Transcribe every record beneath, precisely as written.

::: DATA TO EXAMINE

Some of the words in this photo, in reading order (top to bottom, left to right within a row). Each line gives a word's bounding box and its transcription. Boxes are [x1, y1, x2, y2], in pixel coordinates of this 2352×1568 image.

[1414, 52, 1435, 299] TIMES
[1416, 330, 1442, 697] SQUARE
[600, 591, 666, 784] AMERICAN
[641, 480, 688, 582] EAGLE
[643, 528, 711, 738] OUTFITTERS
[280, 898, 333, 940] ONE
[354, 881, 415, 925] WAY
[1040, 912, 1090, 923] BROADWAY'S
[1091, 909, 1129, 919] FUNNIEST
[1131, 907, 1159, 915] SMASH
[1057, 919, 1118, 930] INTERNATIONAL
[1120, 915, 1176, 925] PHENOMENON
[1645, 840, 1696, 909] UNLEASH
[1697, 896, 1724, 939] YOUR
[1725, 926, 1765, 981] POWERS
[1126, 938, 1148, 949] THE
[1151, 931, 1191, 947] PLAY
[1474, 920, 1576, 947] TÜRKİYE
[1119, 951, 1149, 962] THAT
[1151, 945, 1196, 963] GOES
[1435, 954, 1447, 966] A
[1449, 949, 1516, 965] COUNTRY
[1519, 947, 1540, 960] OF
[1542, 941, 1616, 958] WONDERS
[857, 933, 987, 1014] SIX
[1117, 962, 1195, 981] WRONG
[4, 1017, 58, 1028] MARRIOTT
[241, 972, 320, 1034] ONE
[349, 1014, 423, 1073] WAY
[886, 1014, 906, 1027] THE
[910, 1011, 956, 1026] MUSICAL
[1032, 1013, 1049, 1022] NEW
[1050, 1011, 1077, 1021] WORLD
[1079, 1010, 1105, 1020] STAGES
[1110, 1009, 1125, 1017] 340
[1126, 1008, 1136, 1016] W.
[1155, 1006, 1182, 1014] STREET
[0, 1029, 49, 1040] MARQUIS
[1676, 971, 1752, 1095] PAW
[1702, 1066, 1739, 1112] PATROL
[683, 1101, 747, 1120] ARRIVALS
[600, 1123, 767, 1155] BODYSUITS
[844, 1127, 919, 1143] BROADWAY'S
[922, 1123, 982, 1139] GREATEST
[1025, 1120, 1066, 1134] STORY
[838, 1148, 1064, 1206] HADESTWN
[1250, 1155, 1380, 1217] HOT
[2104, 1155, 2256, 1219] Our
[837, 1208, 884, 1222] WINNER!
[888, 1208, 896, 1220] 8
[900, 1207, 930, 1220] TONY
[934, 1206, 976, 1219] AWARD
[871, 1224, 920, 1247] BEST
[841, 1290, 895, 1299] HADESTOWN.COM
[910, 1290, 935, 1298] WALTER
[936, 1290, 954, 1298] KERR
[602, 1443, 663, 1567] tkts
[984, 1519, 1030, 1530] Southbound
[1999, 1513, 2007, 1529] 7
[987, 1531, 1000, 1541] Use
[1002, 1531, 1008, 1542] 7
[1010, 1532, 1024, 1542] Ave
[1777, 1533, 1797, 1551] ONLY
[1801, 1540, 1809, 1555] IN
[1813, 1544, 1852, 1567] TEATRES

::::::

_SOLUTION TO THIS PROBLEM:_
Some of the words in this photo, in reading order (top to bottom, left to right within a row). Each line gives a word's bounding box and its transcription. Boxes are [x1, y1, x2, y2], in pixel coordinates of this 2352×1568 image.

[1414, 52, 1435, 299] TIMES
[1416, 330, 1442, 697] SQUARE
[600, 591, 666, 784] AMERICAN
[641, 480, 688, 582] EAGLE
[643, 528, 711, 738] OUTFITTERS
[280, 898, 333, 940] ONE
[354, 881, 415, 925] WAY
[1040, 912, 1090, 923] BROADWAY'S
[1091, 909, 1129, 919] FUNNIEST
[1131, 907, 1159, 915] SMASH
[1057, 919, 1118, 930] INTERNATIONAL
[1120, 915, 1176, 925] PHENOMENON
[1645, 840, 1696, 909] UNLEASH
[1697, 896, 1724, 939] YOUR
[1725, 926, 1765, 981] POWERS
[1126, 938, 1148, 949] THE
[1151, 931, 1191, 947] PLAY
[1474, 920, 1576, 947] TÜRKİYE
[1119, 951, 1149, 962] THAT
[1151, 945, 1196, 963] GOES
[1435, 954, 1447, 966] A
[1449, 949, 1516, 965] COUNTRY
[1519, 947, 1540, 960] OF
[1542, 941, 1616, 958] WONDERS
[857, 933, 987, 1014] SIX
[1117, 962, 1195, 981] WRONG
[4, 1017, 58, 1028] MARRIOTT
[241, 972, 320, 1034] ONE
[349, 1014, 423, 1073] WAY
[886, 1014, 906, 1027] THE
[910, 1011, 956, 1026] MUSICAL
[1032, 1013, 1049, 1022] NEW
[1050, 1011, 1077, 1021] WORLD
[1079, 1010, 1105, 1020] STAGES
[1110, 1009, 1125, 1017] 340
[1126, 1008, 1136, 1016] W.
[1155, 1006, 1182, 1014] STREET
[0, 1029, 49, 1040] MARQUIS
[1676, 971, 1752, 1095] PAW
[1702, 1066, 1739, 1112] PATROL
[683, 1101, 747, 1120] ARRIVALS
[600, 1123, 767, 1155] BODYSUITS
[844, 1127, 919, 1143] BROADWAY'S
[922, 1123, 982, 1139] GREATEST
[1025, 1120, 1066, 1134] STORY
[838, 1148, 1064, 1206] HADESTWN
[1250, 1155, 1380, 1217] HOT
[2104, 1155, 2256, 1219] Our
[837, 1208, 884, 1222] WINNER!
[888, 1208, 896, 1220] 8
[900, 1207, 930, 1220] TONY
[934, 1206, 976, 1219] AWARD
[871, 1224, 920, 1247] BEST
[841, 1290, 895, 1299] HADESTOWN.COM
[910, 1290, 935, 1298] WALTER
[936, 1290, 954, 1298] KERR
[602, 1443, 663, 1567] tkts
[984, 1519, 1030, 1530] Southbound
[1999, 1513, 2007, 1529] 7
[987, 1531, 1000, 1541] Use
[1002, 1531, 1008, 1542] 7
[1010, 1532, 1024, 1542] Ave
[1777, 1533, 1797, 1551] ONLY
[1801, 1540, 1809, 1555] IN
[1813, 1544, 1852, 1567] TEATRES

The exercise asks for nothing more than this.